Севка, Савка и Ромка - Александр Шаров 9 стр.


У подъезда длинными, прерывистыми гудками прогудела машина.

- Счастливого пути! - сказал младший лейтенант. - Обедал? Ну, ничего, потом перекусишь. Если по дороге не догонишь, ищи в Сталинграде, на вокзале справься… Тебя учить не приходится… Да, вот еще - мальчику скажешь, что секретарь горкома в Астрахань звонил. Муромцеву лучше, через месяца два приедет.

…Стрелой мчится горкомовская машина через Степной по Парковой улице и, обгоняя грузовики с зерном, по ровному Сталинградскому шоссе.

Иногда "газик" круто затормозит, из машины, на ходу открыв дверцу, выглянет старшина и спросит у водителя встречного грузовика, не видал ли он по пути высокого темноволосого мальчика лет тринадцати-четырнадцати с вещевым мешком.

…У Кринского оврага скопились сотни машин.
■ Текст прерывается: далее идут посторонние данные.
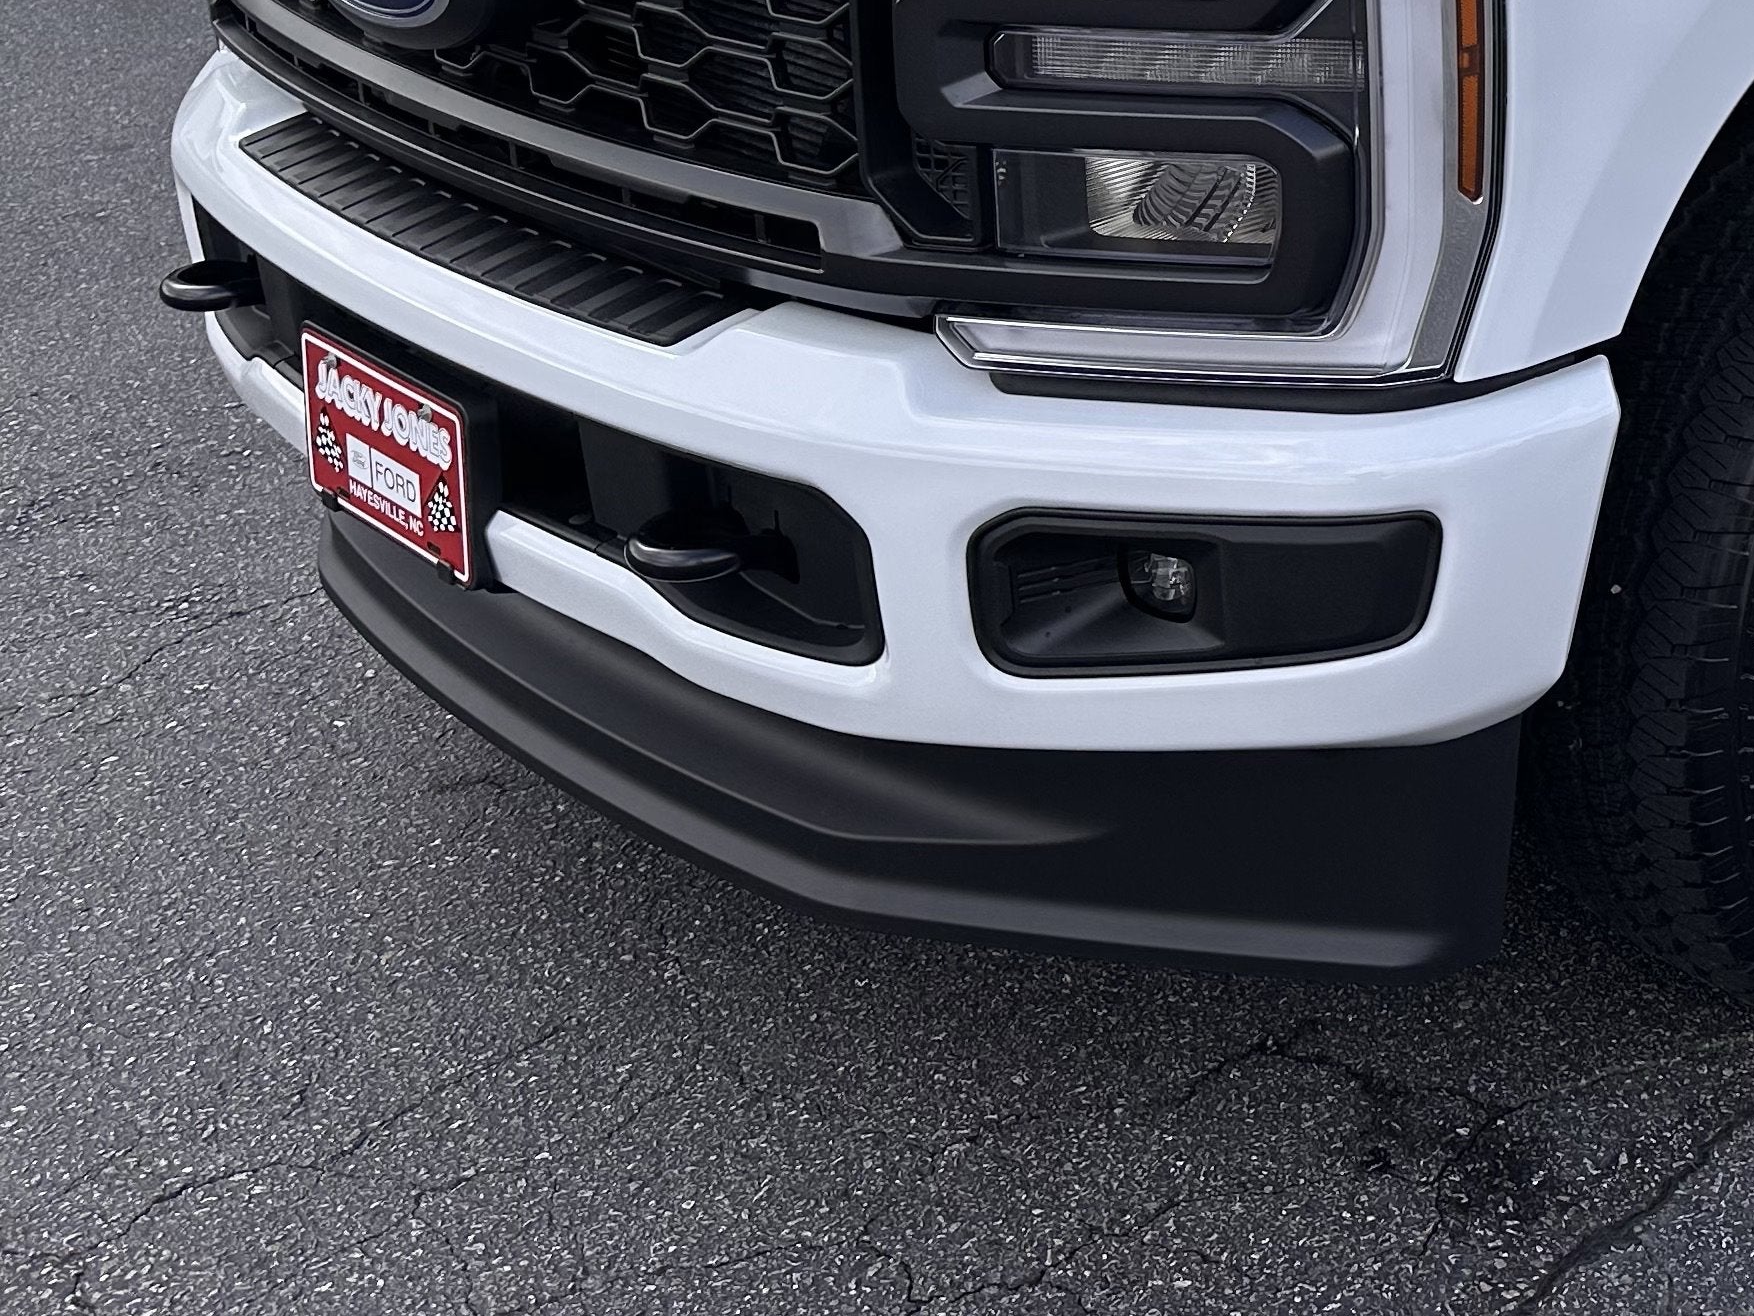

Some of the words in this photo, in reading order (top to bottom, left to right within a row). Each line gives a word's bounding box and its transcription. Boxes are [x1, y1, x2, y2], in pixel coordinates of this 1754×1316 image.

Они выстроились вдоль шоссе в несколько рядов. На берегу оврага, где, восстанавливая мост, работает саперный батальон, стоит колонновожатый Гришин. Когда Лебединцев спрашивает его о мальчике, он хмурится, вспоминает, потом говорит:

- Есть такой пассажир. У Пономаренко на машине. Точно, есть!

Вслед за Гришиным старшина пробирается по сонному табору. Загорится яркая фара, посветит секунду и погаснет. Дежурный окликнет: "Кто идет?" - и снова тихо.

Колонновожатый останавливается около "ЗИСа", прикрытого брезентом. Шофер спит, высунув лохматую голову в открытую дверцу кабинки. Посветив фонариком, Гришин трогает его за плечо.

Еще не проснувшись, Пономаренко рывком усаживается на сиденье. Столбы света от фар ложатся на жнивье.

- Что?.. Пора?..

- Чего всполошился?.. Мальчишку нам надо.

- Севу? Он под копной спит. Не пора, значит…

Столбы света гаснут, скрипит сиденье, и вновь лохматая сонная голова выглядывает из дверцы кабинки.

Сева лежит в трех шагах от машины, укутанный теплым пономаренковским кожухом. Целый день он наравне с шоферами помогал саперам, подтаскивал к мосту доски и другие материалы; теперь он спит, раскинувшись на мягком сене.

Гришин наклоняется над ним. Во сне Севины губы шевелятся; может быть, ему снится, что он подъезжает к Астрахани и считает последние километры. От света фонарика Сева морщится и, не раскрывая глаз, отворачивает голову.

- Гасите! - еле слышно шепчет Лебединцев.

Старшина просовывает руку сквозь сено и осторожно поднимает мальчика.

- Помочь? - тихо спрашивает Гришин.

- Я сам…

Старшина шагает к шоссе. Мягко шуршит жнивье под ногами, доносится сонное дыхание шоферов, будто сама степь спокойно и глубоко дышит во сне. Старшина укладывает мальчика на заднее сиденье машины. "Газик" набирает скорость.

Положив руку на спинку сиденья, старшина поворачивает голову назад и долго, внимательно смотрит на мальчика. Лицо Севы окутано густой темнотой, но иногда свет фар встречной машины падает на "газик", и тогда можно различить каждую черточку в этом смуглом мальчишеском лице, каждую длинную темную ресничку крепко зажмуренных глаз, твердо очерченные, упрямые губы чуть полуоткрытого во сне рта.

В световом столбе летит и не может вырваться большая ночная птица, потом она исчезает. По сторонам дороги то и дело возникают огни: движущиеся - это комбайны, машины; неподвижные - полевые станы, села, станицы. Вдали, за полоской реки, показался Степной.

- Вот и дома, - проговорил старшина.

Он взглянул на мальчика, который попрежнему крепко спал, и подумал: если его довезти сонного и, не разбудив, перенести в квартиру, утром он проснется рядом с братом, и все прошедшее покажется ему сном. Это и хорошо.

Машина, спустившись по крутому берегу Гусинки, остановилась у парома.